Task to complete: All entries must be returned precisely as they appear.

*** Opening Material for the task ***

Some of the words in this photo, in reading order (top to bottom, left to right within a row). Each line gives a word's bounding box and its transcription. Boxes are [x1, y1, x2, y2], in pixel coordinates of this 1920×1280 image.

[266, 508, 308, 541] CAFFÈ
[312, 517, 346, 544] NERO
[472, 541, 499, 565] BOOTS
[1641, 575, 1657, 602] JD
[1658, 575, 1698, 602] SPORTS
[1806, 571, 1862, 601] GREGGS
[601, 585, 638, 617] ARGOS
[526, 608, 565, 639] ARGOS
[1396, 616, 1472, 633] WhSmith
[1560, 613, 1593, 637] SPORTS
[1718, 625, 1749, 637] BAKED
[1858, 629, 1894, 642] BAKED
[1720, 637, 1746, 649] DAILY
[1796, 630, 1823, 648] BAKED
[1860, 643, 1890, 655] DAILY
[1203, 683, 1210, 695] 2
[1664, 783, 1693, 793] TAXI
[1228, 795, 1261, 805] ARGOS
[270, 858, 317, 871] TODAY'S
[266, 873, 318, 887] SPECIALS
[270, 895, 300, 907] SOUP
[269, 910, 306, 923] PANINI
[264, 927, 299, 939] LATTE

*** Closing Material for the task ***

Exercise output:
Some of the words in this photo, in reading order (top to bottom, left to right within a row). Each line gives a word's bounding box and its transcription. Boxes are [x1, y1, x2, y2], in pixel coordinates of this 1920×1280 image.

[266, 508, 308, 541] CAFFÈ
[312, 517, 346, 544] NERO
[472, 541, 499, 565] BOOTS
[1641, 575, 1657, 602] JD
[1658, 575, 1698, 602] SPORTS
[1806, 571, 1862, 601] GREGGS
[601, 585, 638, 617] ARGOS
[526, 608, 565, 639] ARGOS
[1396, 616, 1472, 633] WhSmith
[1560, 613, 1593, 637] SPORTS
[1718, 625, 1749, 637] BAKED
[1858, 629, 1894, 642] BAKED
[1720, 637, 1746, 649] DAILY
[1796, 630, 1823, 648] BAKED
[1860, 643, 1890, 655] DAILY
[1203, 683, 1210, 695] 2
[1664, 783, 1693, 793] TAXI
[1228, 795, 1261, 805] ARGOS
[270, 858, 317, 871] TODAY'S
[266, 873, 318, 887] SPECIALS
[270, 895, 300, 907] SOUP
[269, 910, 306, 923] PANINI
[264, 927, 299, 939] LATTE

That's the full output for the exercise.